The ETH group decided to use magnets to connect its modules, since they don’t require onboard power and can be easily monitored from outside the body.

To find the best design for the self-assembling capsules, the researchers tested different designs in a plastic model of the stomach filled with liquid. They ran around 50 tests for each of 12 different configurations of module size, magnet type, and magnet arrangement. A single magnet with its positive-negative axis on the surface of a longer capsule worked best, yielding a 75 percent rate of success at linking the two capsules; modifying the magnet module to make it more flexible increased this to 90 percent. The group will present details of the linking modules this week at the International Conference on Intelligent Robots and Systems in France.

“[The] work is interesting as a concept since modular robots assembling inside the body could enable more flexible and complex gastrointestinal-related robotic applications,” says Metin Sitti, a scientist who works on gripping robotic capsules at Carnegie Mellon University. “Current capsules typically get bigger by adding more functionalities … Assembling modules would have [fewer] such issues.”

Stomach test: Researchers at the Swiss Federal Institute of Technology, in Zurich, used a plastic stomach to see which magnetic design links best in a limited space full of liquid.

“One of the main constraints [of the swallowable imaging capsule] is the battery,” says Milan Dodig, a gastroenterologist at Cleveland Clinic, who uses the device to treat his patients. “It takes almost 60 percent of the volume of the capsule; it’s not steerable [and] can still miss stuff. The angle of the images is also limiting, and you can’t see the complete [intestine].”

The ETH team was able to detect how well modules linked together by monitoring changes to the field of each magnet. “With [this] simple method, I can detect if one is connected, which means I can create a picture on the computer,” says Nagy.

The next stage of the research will involve making sure that the magnets do not harm tissue when they lock together. This will involve testing the system in a moving artificial stomach or an animal stomach provided by a partner group. The team also needs to find a way to control how the capsules arrange themselves.

“Something like this that could be swallowed, self-assembled, and remotely controlled would be a major advance,” says Joseph Murray, a gastroenterologist at the Mayo Clinic, who was not involved in the work.

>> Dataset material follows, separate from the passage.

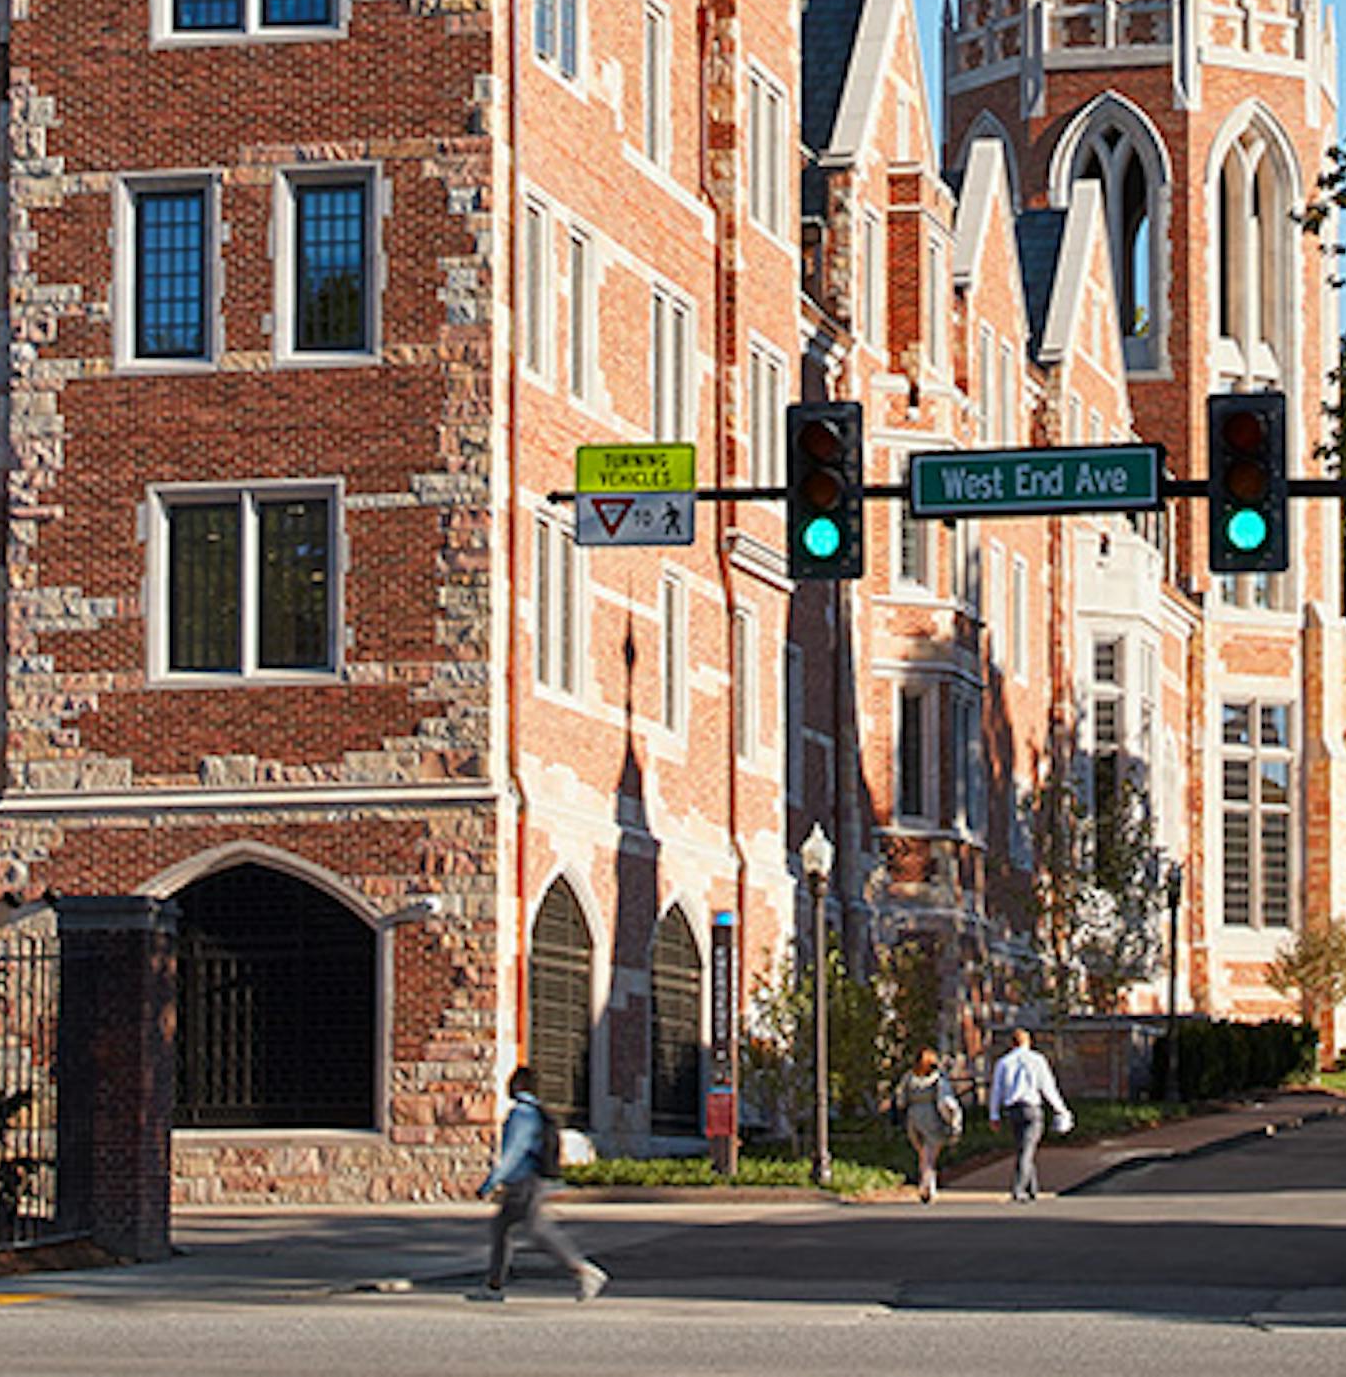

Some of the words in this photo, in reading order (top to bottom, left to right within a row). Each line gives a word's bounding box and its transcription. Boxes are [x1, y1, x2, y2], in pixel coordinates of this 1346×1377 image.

However, he says that it will be a challenge to use the magnets safely.

“There is a large demand from physicians to have a steerable, motion-controlled camera,” adds Frank Volke, a project leader at the Fraunhofer Institute for Biomedical Engineering, in Sankt Ingbert, who is helping to develop a technique for steering Given Imaging’s pill camera by magnetically controlling it. “I think it is a very interesting scientific research approach which might take longer for practical use,” Volke says of the ETH work.

Nagy says that the magnetic linking scheme developed by his team could also be used to build search-and-rescue robots that can slither through rubble and into tight spaces. “You can imagine throwing in a couple of pieces of the robot and it self-assembling,” says Nagy.